Who was Yvonne Y. Clark?
Yvonne Y. Clark, affectionately known as Y.Y. Clark, was a pioneer for African American and women engineers. She was a woman of many firsts.
- The first woman to receive a Bachelor of Science degree in Mechanical Engineering at Howard University
- The first woman to earn a master's degree in Engineering Management from Vanderbilt University
- The first woman to serve as a faculty member in the College of Engineering and Technology at Tennessee State University, then to become an emeritus Professor
Yvonne Y. Clark held many honors and distinctions.
Born Georgianna Yvonne Young on April 13, 1929, in Houston, Texas to Dr. Coleman Milton Young Jr. and Hortense Houston Young, Yvonne grew up in Louisville, Kentucky. As a child, she had a love for building and fixing things, but was not allowed to take mechanical drawing classes at school because she was a girl. In high school, Yvonne took an aeronautics class and joined the school's Civil Air Patrol, where she learned to shoot and had flying lessons in a simulator. In 1945, she graduated from high school at the age of sixteen and spent the next two years studying at Girls Latin School in Boston, Massachusetts.
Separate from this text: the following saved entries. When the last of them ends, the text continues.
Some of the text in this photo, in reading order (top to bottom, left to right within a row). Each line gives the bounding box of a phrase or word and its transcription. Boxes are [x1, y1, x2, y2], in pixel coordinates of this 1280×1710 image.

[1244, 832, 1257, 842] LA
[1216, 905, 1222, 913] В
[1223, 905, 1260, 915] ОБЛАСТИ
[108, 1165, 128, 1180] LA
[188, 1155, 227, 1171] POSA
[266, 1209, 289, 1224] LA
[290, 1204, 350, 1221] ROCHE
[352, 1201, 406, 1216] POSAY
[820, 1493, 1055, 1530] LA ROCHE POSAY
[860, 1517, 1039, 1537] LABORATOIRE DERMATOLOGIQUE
Upon earning upper-level degrees, she found that "the engineering job market wasn’t very receptive to women, particularly women of color". The woman of many firsts refused to allow discrimination or racism to prohibit her from completing the work about which she was most passionate.
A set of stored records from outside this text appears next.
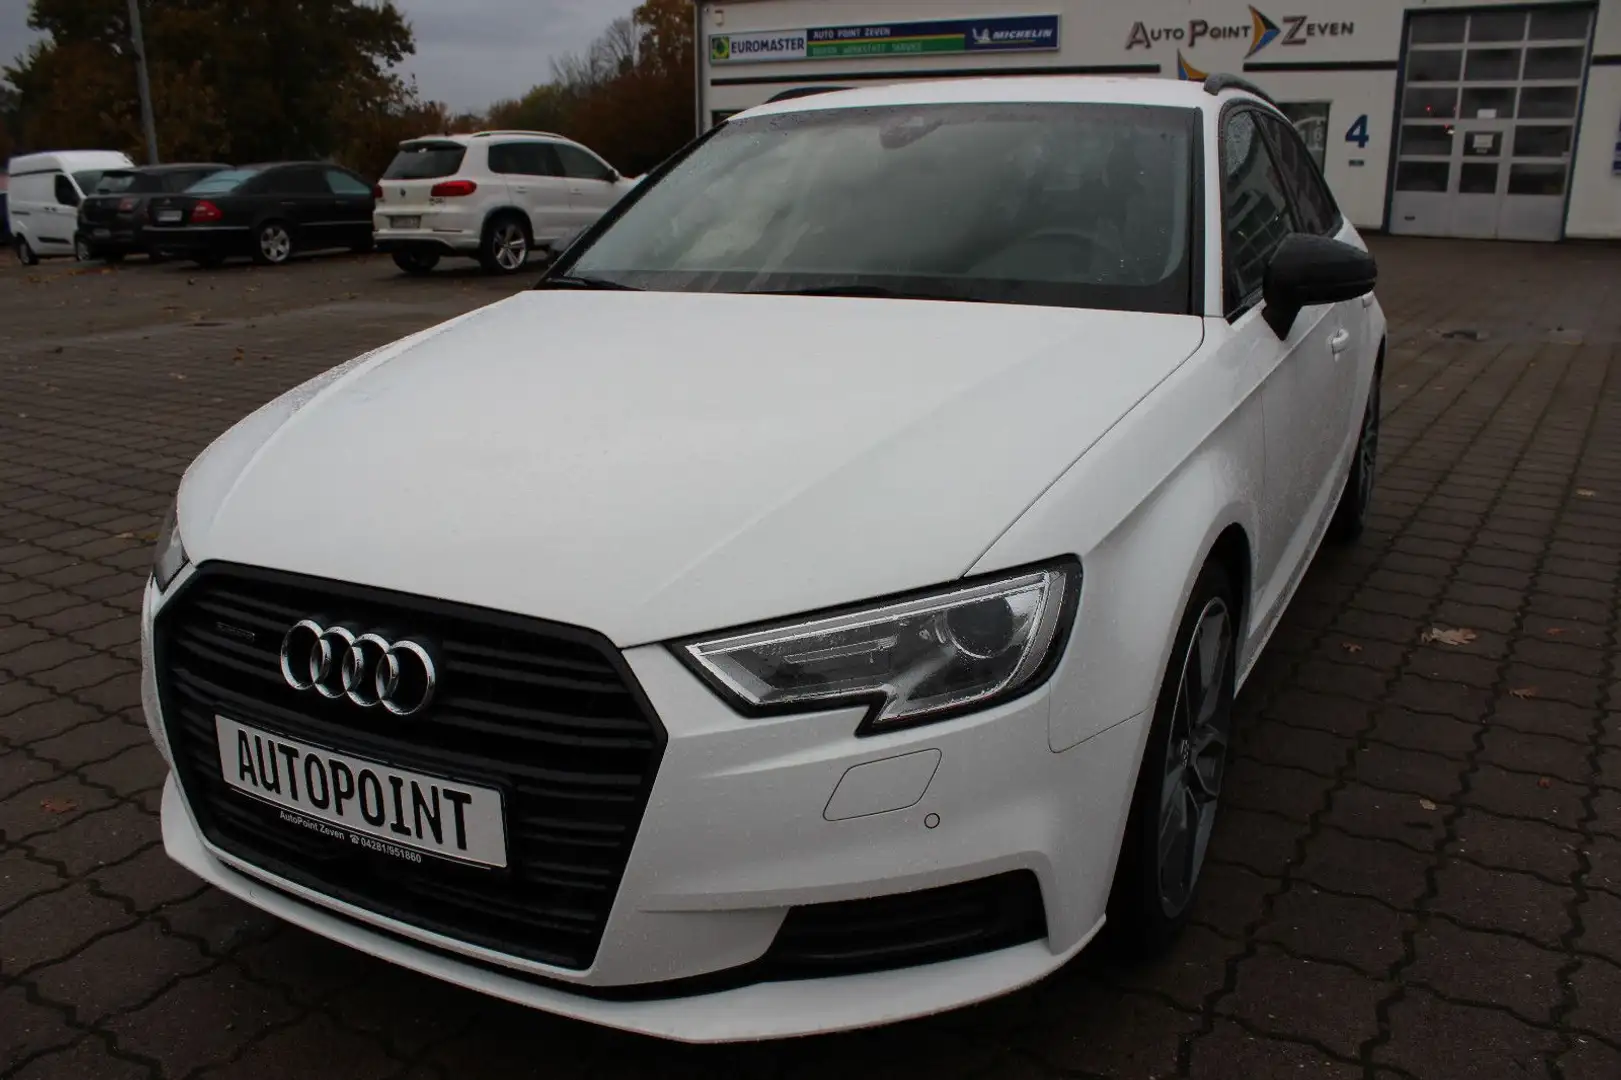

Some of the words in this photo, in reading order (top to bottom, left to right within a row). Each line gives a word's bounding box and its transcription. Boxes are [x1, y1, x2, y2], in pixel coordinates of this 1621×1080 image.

[730, 36, 805, 54] EUROMASTER
[812, 29, 834, 40] AUTO
[837, 28, 861, 39] POINT
[864, 27, 891, 37] ZEVEN
[992, 28, 1053, 40] MICHELIN
[1345, 114, 1369, 148] 4
[237, 729, 473, 850] AUTOPOINT
[279, 810, 319, 831] AutoPoint
[319, 823, 345, 841] Zeven
Yvonne's first job after college was in the Frankford Arsenal Gauge Lab, a U.S. Army ammunition plant in Philadelphia, Pennsylvania. She later accepted a role with a small record label, RCA Camden, in New Jersey where she designed factory equipment. This woman of many firsts returned to the South and in 1955 married William F. Clark Jr., a biochemistry teacher, at Meharry Medical College. To their union a son and a daughter were born. In 1956, she became the first female member of the Tennessee State University Mechanical Engineering Department where she was referred to as "TSU's First Lady of Engineering". Yvonne Y. Clark chaired the department twice from 1965 until 1970 and then in 1977 and held the position for eleven years. She later retired as a professor having fifty-five years of service added to her impeccable record.
Yvonne Young Clark helped start Tennessee State's chapter of Pi Tau Sigma, a mechanical engineering society where she encouraged women to become engineers. As a member of Delta Sigma Theta Sorority, Inc., Nashville Alumnae Chapter, has named the Yvonne Y. Clark Excellence In Engineering Scholarship in her honor. On January 27, 2019, Yvonne Young Clark, surrounded by loved ones, passed away peacefully at her home in Nashville, Tennessee.